У Одарки Фаина тоже получилась дурочка в разные стороны. Одарка по своей дурости сильно путалась в Фаининых сторонах. Но Петр уже по своему опыту знал про стороны у дурочек, потому почти что все понял в свою сторону.
Про Фаину Одарка рассказала Петру, что Фаина сначала жила у Пилипейки как панночка, а потом стала не панночка, потому что панночки — это такие, за которыми ходят и за которых горшки носят.
Еще Одарка рассказала Петру, что Фаина напросилась к Одарке смотреть, как у людей делается хозяйство. Сначала Фаина смотрела, а потом взялась все на свете трогать своими руками. И дотрогалась Фаина своими руками до самых кур я чих ног. Одарка кур я м своими руками головы рубает, а Фаина своими руками держит курей за ноги, вроде за руки у людского почти что покойника, когда сильно жалко. Другая б подержалась за ноги и побежала гулять, а Фаина сядет и смотрит, как Одарка кур я чий потрох вытаскивает. Другая б посидела, посмотрела и побежала гулять, а Фаина не другая, а с кармана бумажку вытащит, вроде потрох с курицы, и давай себе малювать.

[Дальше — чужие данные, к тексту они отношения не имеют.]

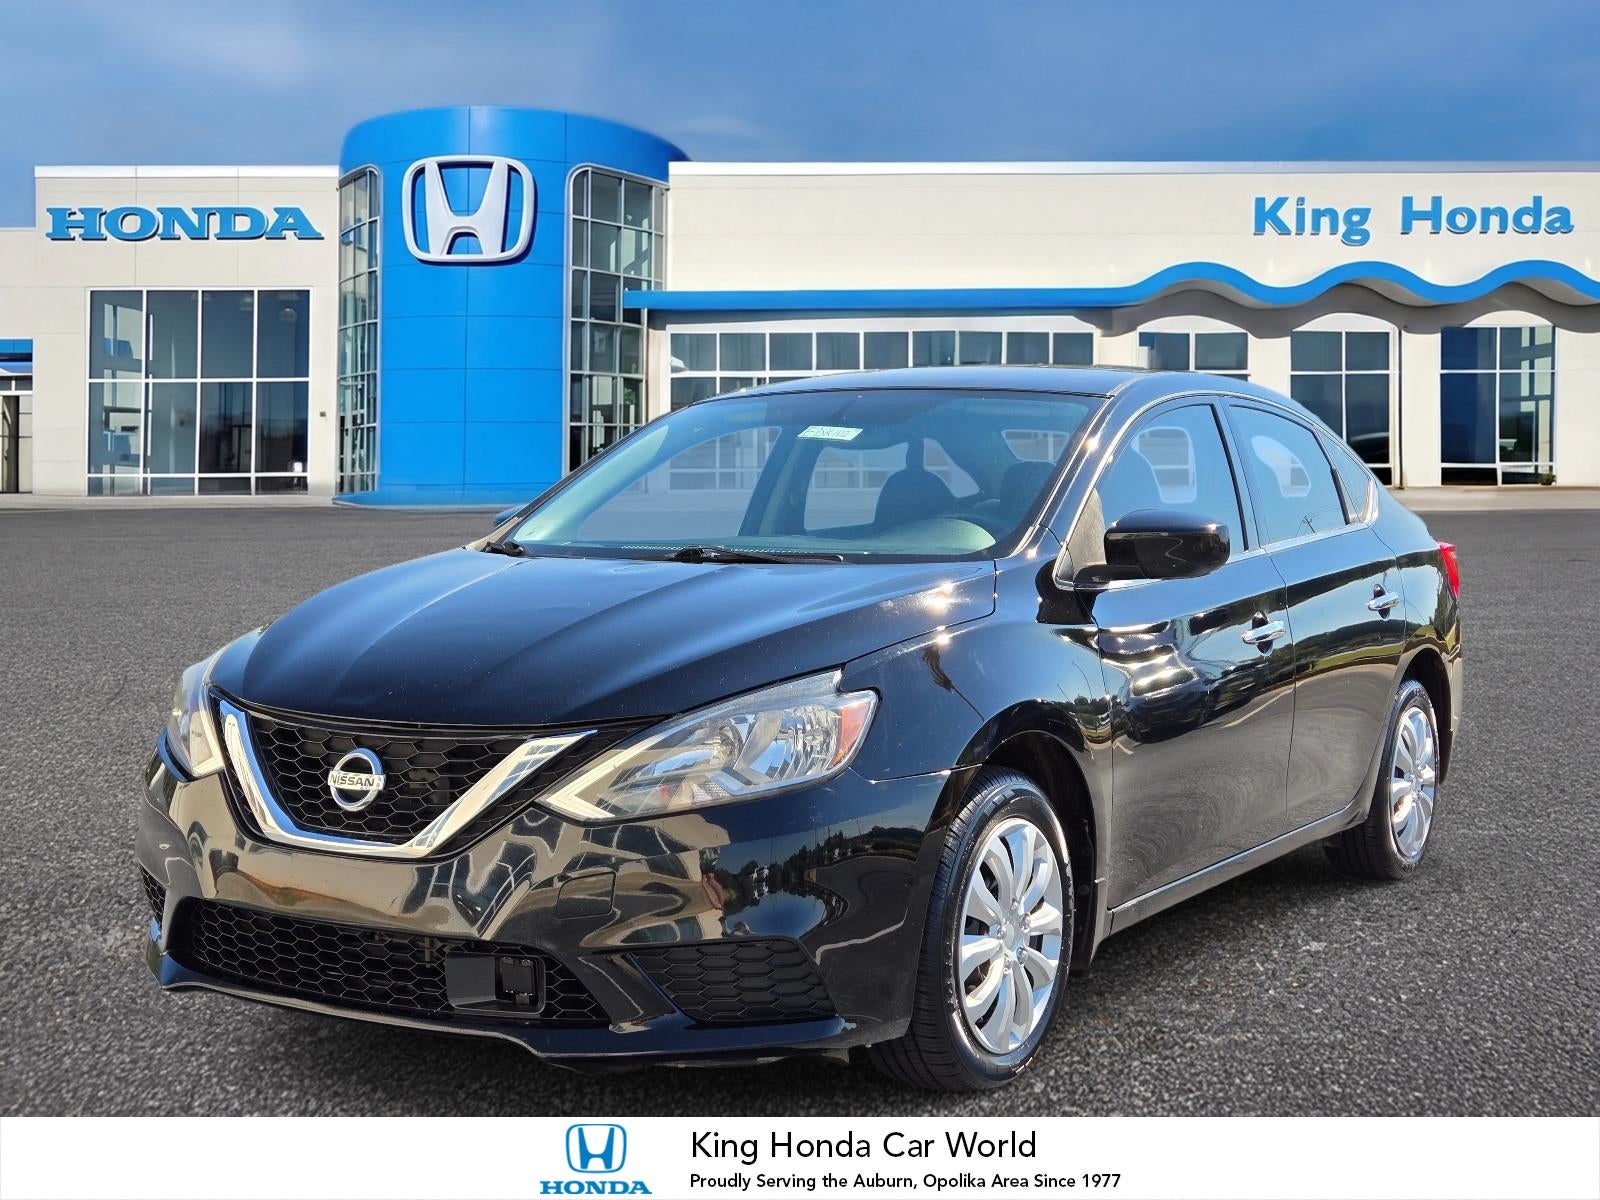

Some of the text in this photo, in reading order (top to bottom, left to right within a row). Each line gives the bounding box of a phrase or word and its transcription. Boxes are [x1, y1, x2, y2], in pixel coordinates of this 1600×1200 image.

[45, 206, 325, 242] HONDA
[1253, 195, 1575, 247] King Honda
[330, 774, 376, 787] NISSAN
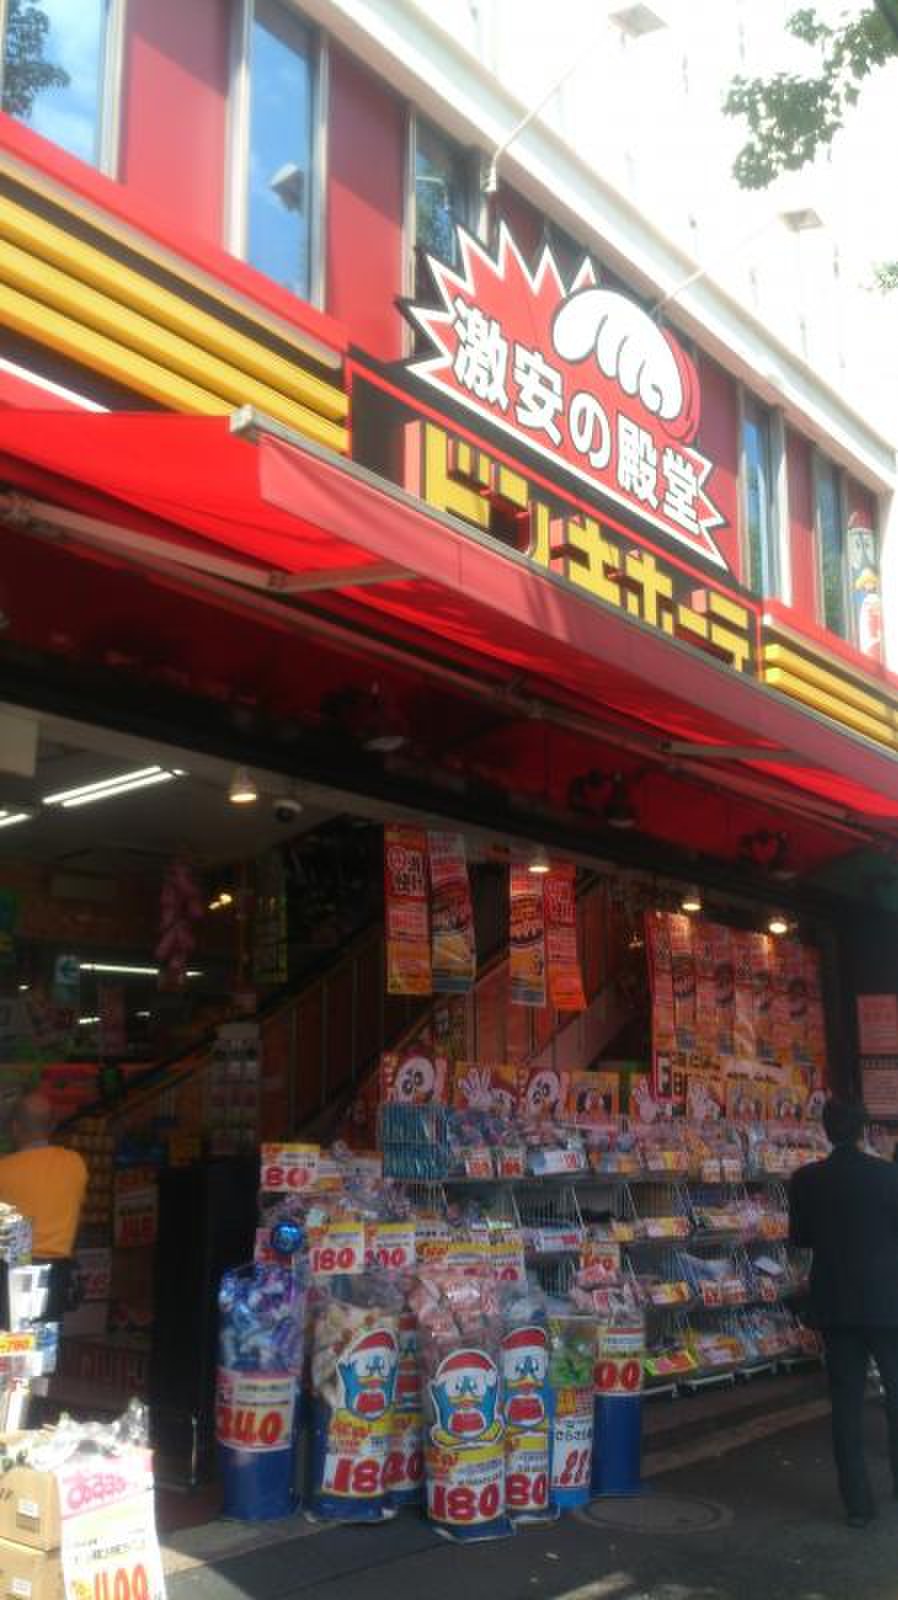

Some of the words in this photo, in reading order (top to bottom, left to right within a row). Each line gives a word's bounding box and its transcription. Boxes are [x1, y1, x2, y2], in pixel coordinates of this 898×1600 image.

[453, 297, 702, 534] 激安の殿堂
[312, 1248, 356, 1271] 180
[334, 1456, 385, 1494] 18
[432, 1482, 499, 1521] 180

Еще Одарка сказала Петру, что, по правде, у Фаины от панства если что и осталось, так дурость. То Фаина сидит и смотрит в книжку. То Фаина сидит и малюет на бумажке. То Фаина сидит и пальцами наперерыв тыцает по столу. То Фаина сидит и копырсается у себя в голове. Если б у Фаины чесалось, тогда б ладно. А Фаине ж в голове Бог не дал чему чесаться. Фаина ж раз в неделю ходит с Пилипейкой в хорошую баню. И вот бы про что Петру Бог дал разобраться, так это про голову у Фаины, что там Фаина держит сильно свербучего. Еще Одарка рассказала Петру, что Фаина разговаривает со своим потолком с левой руки на правую и обратно, а потолок Фаине отвечает без всякого понятия руки.

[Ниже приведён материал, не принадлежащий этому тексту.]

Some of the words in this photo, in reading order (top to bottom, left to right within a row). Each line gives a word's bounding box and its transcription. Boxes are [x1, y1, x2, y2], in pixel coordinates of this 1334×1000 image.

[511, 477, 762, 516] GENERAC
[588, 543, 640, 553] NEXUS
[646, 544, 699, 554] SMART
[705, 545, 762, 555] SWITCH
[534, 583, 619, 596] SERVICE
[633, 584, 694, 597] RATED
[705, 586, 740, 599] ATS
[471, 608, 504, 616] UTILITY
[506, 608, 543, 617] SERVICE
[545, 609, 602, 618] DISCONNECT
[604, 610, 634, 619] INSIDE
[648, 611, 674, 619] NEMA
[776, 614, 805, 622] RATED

Еще Одарка рассказала Петру, что Фаина никакой своей ногой далеко с дома не ходит, а только до обеда в погоду час гуляет крýгом по саду и после обеда от забора до крýчи и назад. В церкву Фаина ходит, как в баню, — раз в неделю. Тем более баня налево и под горку, а церква направо и в горку. Письма Фаина никому не пишет. Может, шлет голосом через потолок, или уже как. А волос у Фаины на цвет дурной, вроде перегорелый до белого пороха и крутится круглым бесом. А глаза у Фаины не круглые, как у хороших людей. У хороших людей глаза круглые, чтоб, когда придется, пятаки с глаз не попадали, а лежали вовеки веков, аминь.
Петр сказал Одарке, что аминь и что пускай Одарка покажет Петру, где Фаина гуляет за забором до крýчи.
Одарка показала и рассказала еще, что обедают у Пилипейки в половину второго. Сядут и обедают, а Одарка бегает туда-сюда, без рук, без ног, хоть бы им уже животы поразрывало обедать целый час по кукушке, хоть по счету сначала берется половина кукушки, потом берется еще половина кукушки и жарится на чистом сливочном масле.
А Фаина что?
А Фаина ничего.
Фаина уже давно сказала часовой кукушке, что сведет для музыки кукушку с попугайчиком, что надо сколько-то подождать, когда попугайчик заскачет, как зайчик.
* * *
Из науки уже давно известно, что у людей животы разрываются от разного. Другой бы от щелкучей кнопки в животе разорвался весь на свете. Петр был не другой. У Петра все на свете не разрывалось, а проскакивало оттуда, как заскакивало туда.
А у портного Мойсея Бехеля петровская бумажка не проскочила.
У Мойсея бумажки всегда проскакивали, а петровская застряла, как ниточка в зубах, когда Мойсей кушал тонюсенько зашитую шейку с напиханным потрохом.